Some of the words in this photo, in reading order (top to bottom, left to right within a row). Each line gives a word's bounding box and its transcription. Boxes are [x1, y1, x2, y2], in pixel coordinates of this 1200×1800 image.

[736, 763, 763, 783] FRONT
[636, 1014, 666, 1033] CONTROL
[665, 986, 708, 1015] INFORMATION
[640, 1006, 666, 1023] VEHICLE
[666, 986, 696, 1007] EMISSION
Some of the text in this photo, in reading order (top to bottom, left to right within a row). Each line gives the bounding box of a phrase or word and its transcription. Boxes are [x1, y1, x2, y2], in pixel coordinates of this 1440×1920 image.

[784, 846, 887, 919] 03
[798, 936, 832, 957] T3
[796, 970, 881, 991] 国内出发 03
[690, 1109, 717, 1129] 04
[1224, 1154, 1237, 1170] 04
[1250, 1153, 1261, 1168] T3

#### TASK OBJECTIVE
From the line holding "Some of the text" to the final line of the data, output each line exactly and nothing more.

#### THE ANSWER
Some of the text in this photo, in reading order (top to bottom, left to right within a row). Each line gives the bounding box of a phrase or word and its transcription. Boxes are [x1, y1, x2, y2], in pixel coordinates of this 1440×1920 image.

[784, 846, 887, 919] 03
[798, 936, 832, 957] T3
[796, 970, 881, 991] 国内出发 03
[690, 1109, 717, 1129] 04
[1224, 1154, 1237, 1170] 04
[1250, 1153, 1261, 1168] T3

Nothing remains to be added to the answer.